** DATA SUPPLIED follows **

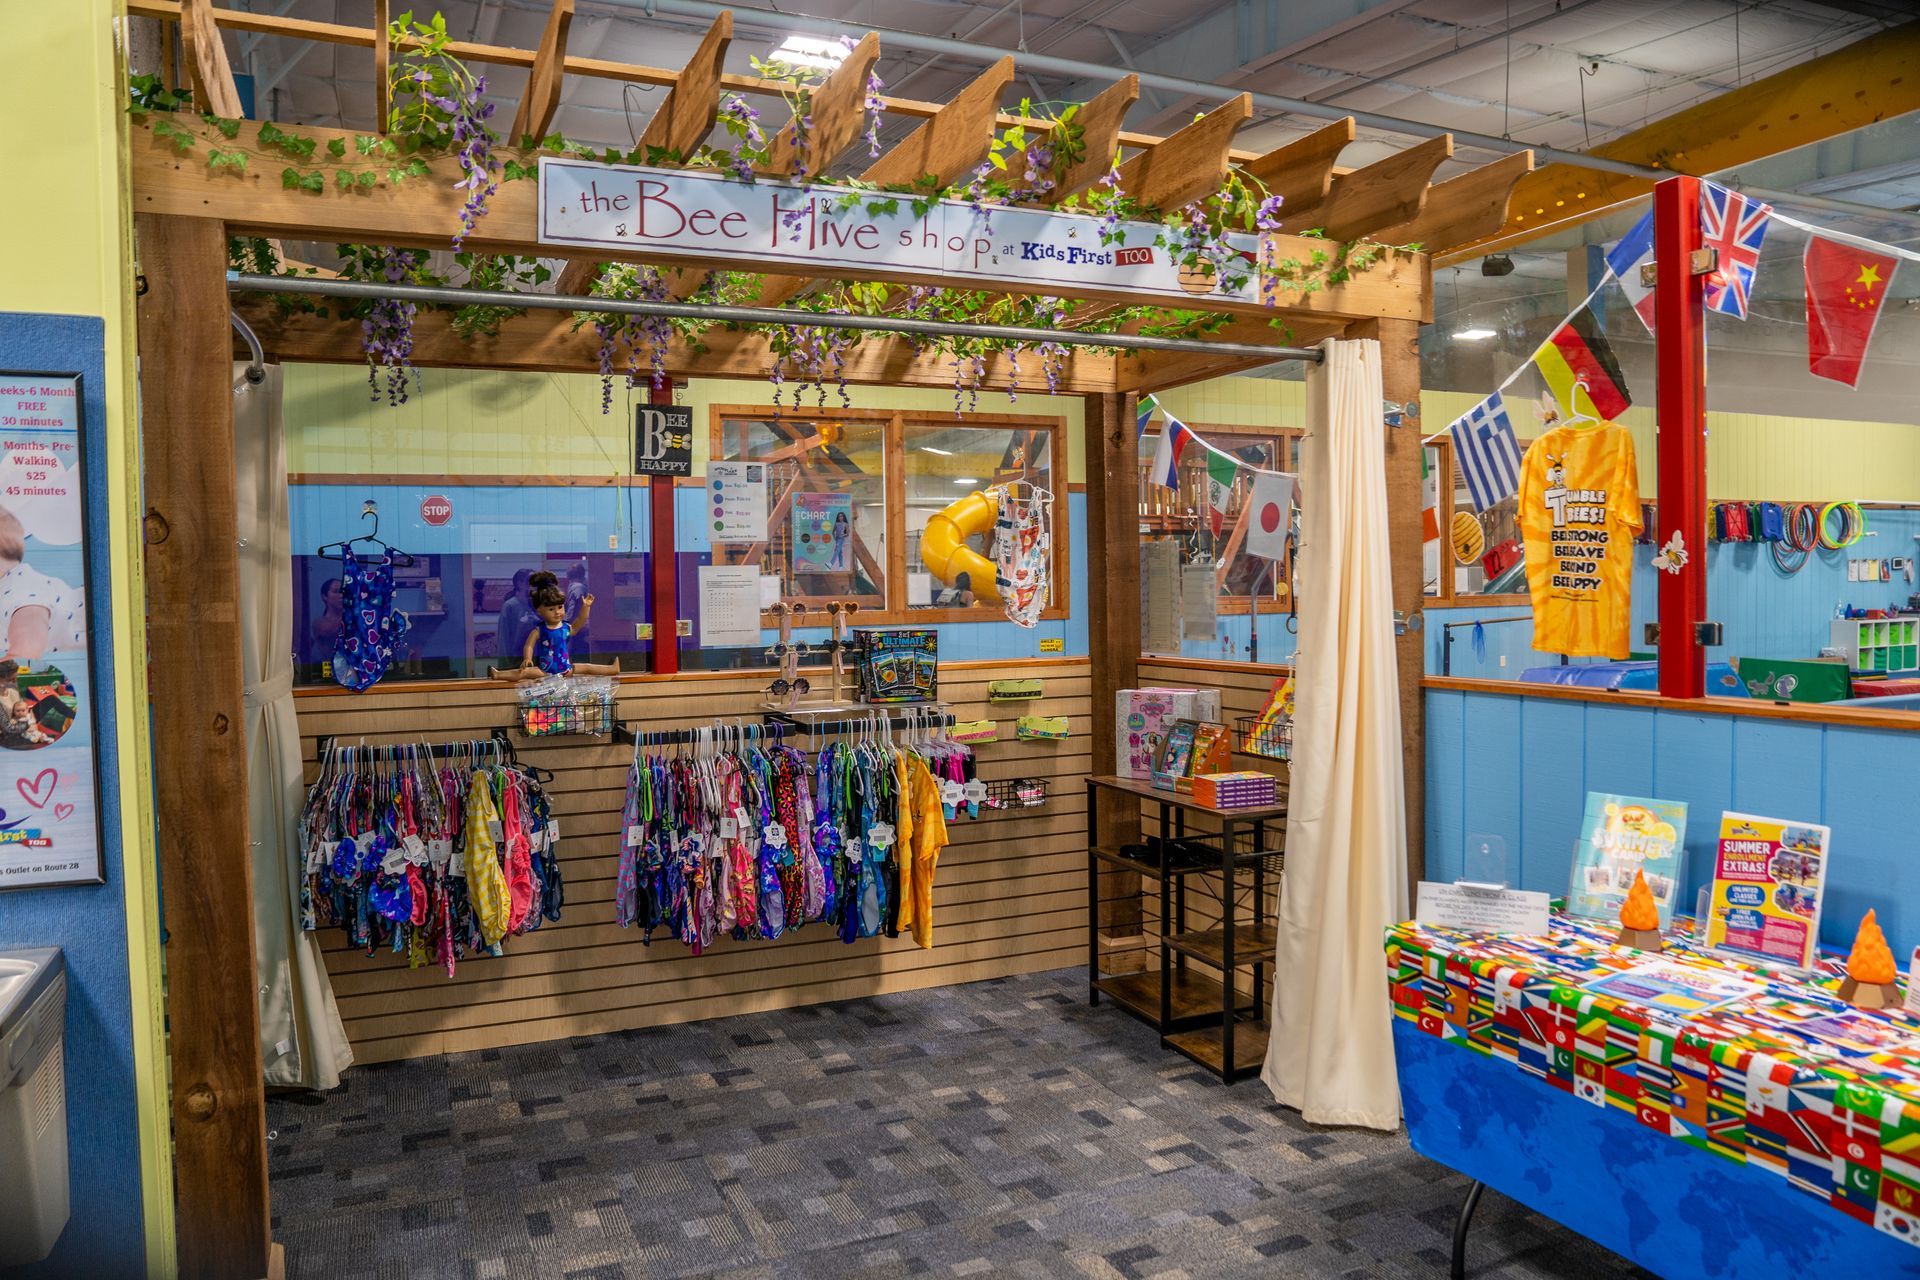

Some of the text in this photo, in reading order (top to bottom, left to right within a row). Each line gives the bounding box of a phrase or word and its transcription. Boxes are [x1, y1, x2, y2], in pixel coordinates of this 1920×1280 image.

[580, 180, 631, 213] the
[634, 179, 749, 239] Bee
[771, 193, 881, 251] Hive
[898, 215, 992, 269] shop
[1002, 244, 1015, 256] at
[1119, 248, 1150, 264] TOO
[0, 385, 76, 397] eeks-6 Month
[17, 401, 47, 411] FREE
[2, 415, 64, 427] 30 minutes
[639, 409, 689, 460] BEE
[52, 441, 75, 451] Pre-
[13, 455, 58, 468] Walking
[639, 459, 689, 472] HAPPY
[26, 471, 47, 481] $25
[6, 486, 67, 496] 45 minutes
[423, 505, 450, 516] STOP
[801, 511, 831, 521] CHART
[882, 635, 926, 645] ULTIMATE
[1723, 840, 1771, 855] SUMMER
[6, 865, 30, 875] Outlet
[45, 863, 67, 872] Route
[69, 862, 79, 870] 28
[1722, 860, 1767, 874] EXTRAS!
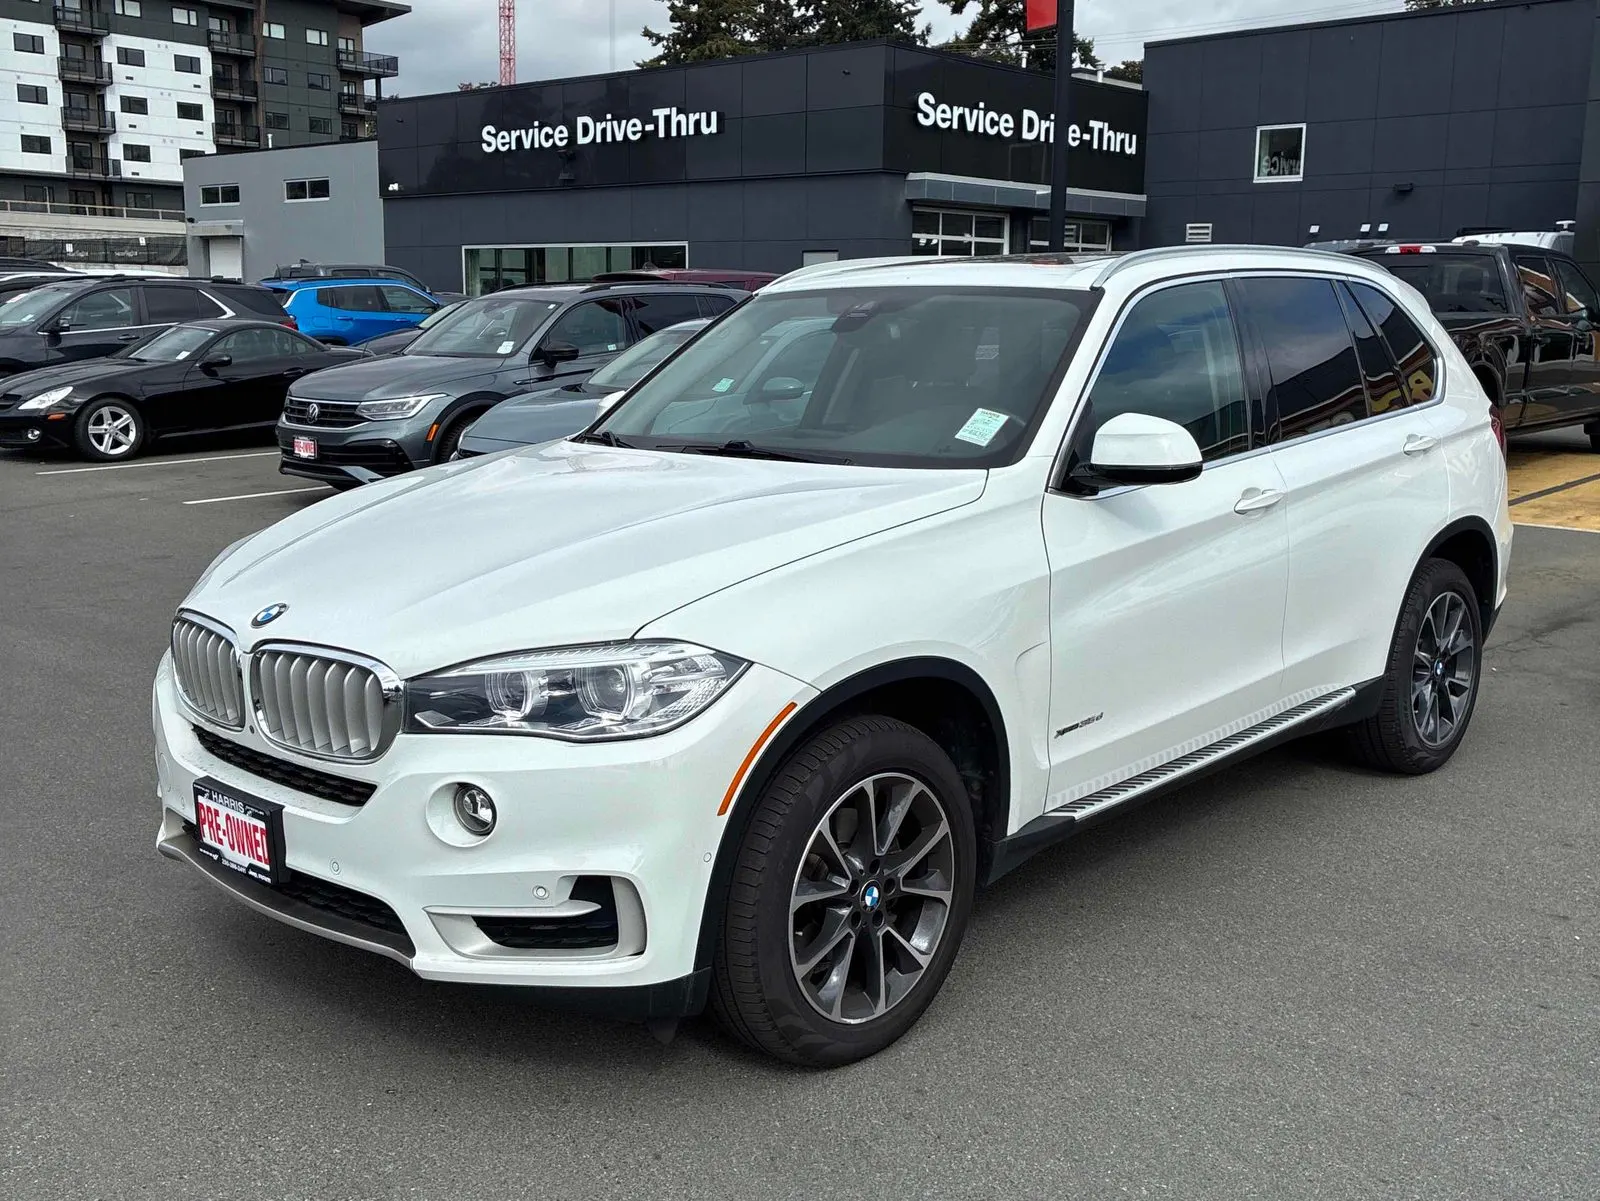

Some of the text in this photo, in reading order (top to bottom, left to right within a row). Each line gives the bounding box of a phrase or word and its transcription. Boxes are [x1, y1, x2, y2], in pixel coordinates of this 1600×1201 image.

[481, 107, 717, 153] Service Drive-Thru
[917, 92, 1137, 155] Service Drie-Thru
[212, 791, 245, 813] HARRIS
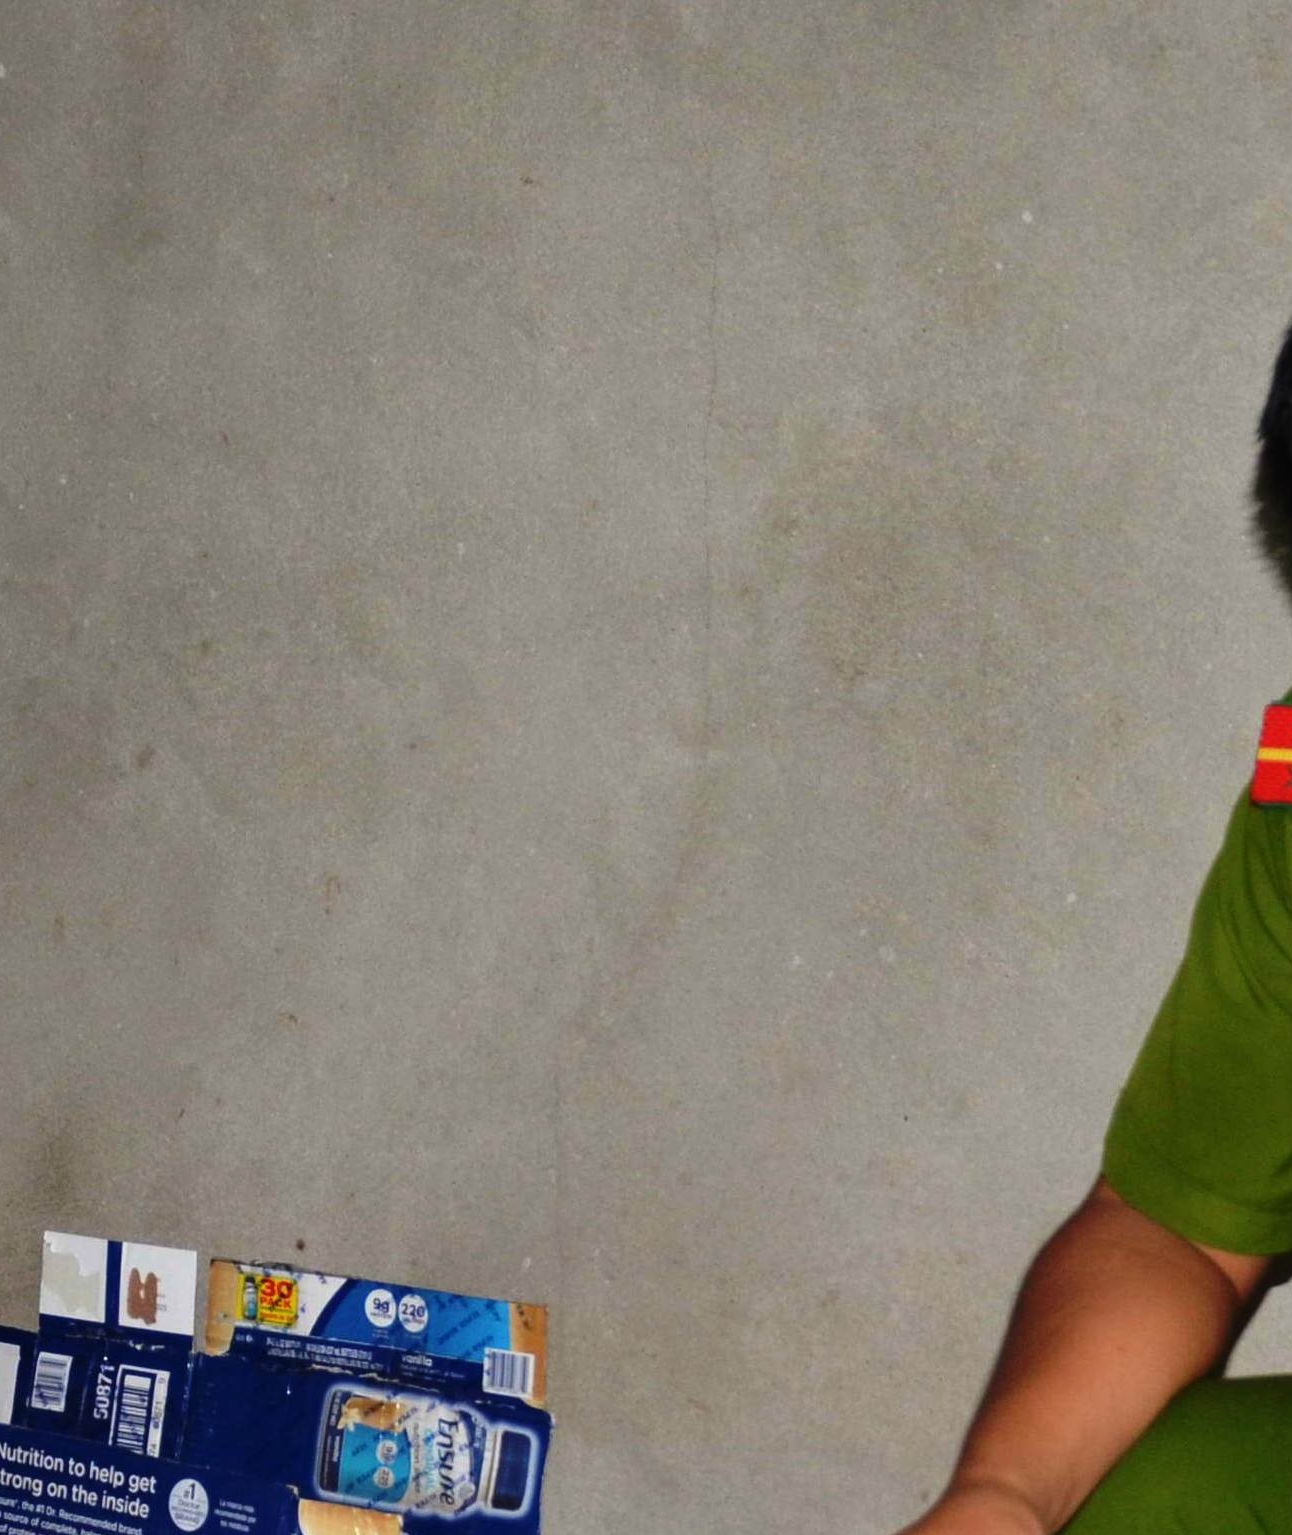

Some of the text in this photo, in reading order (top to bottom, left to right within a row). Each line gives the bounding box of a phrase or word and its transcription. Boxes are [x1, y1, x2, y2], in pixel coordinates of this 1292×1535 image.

** End of DATA SUPPLIED **

Nothing but the lines from the one holding "this 1600×1201 image." through the final line of the records above belongs in the answer, each retyped exactly; omit the pictures.

SOLUTION FOR THIS PROBLEM –
Some of the text in this photo, in reading order (top to bottom, left to right within a row). Each line gives the bounding box of a phrase or word and its transcription. Boxes are [x1, y1, x2, y2], in pixel coordinates of this 1600×1201 image.

[481, 107, 717, 153] Service Drive-Thru
[917, 92, 1137, 155] Service Drie-Thru
[212, 791, 245, 813] HARRIS

Some of the text in this photo, in reading order (top to bottom, left to right within a row). Each line gives the bounding box of a phrase or word and its transcription. Boxes are [x1, y1, x2, y2], in pixel coordinates of this 1292×1535 image.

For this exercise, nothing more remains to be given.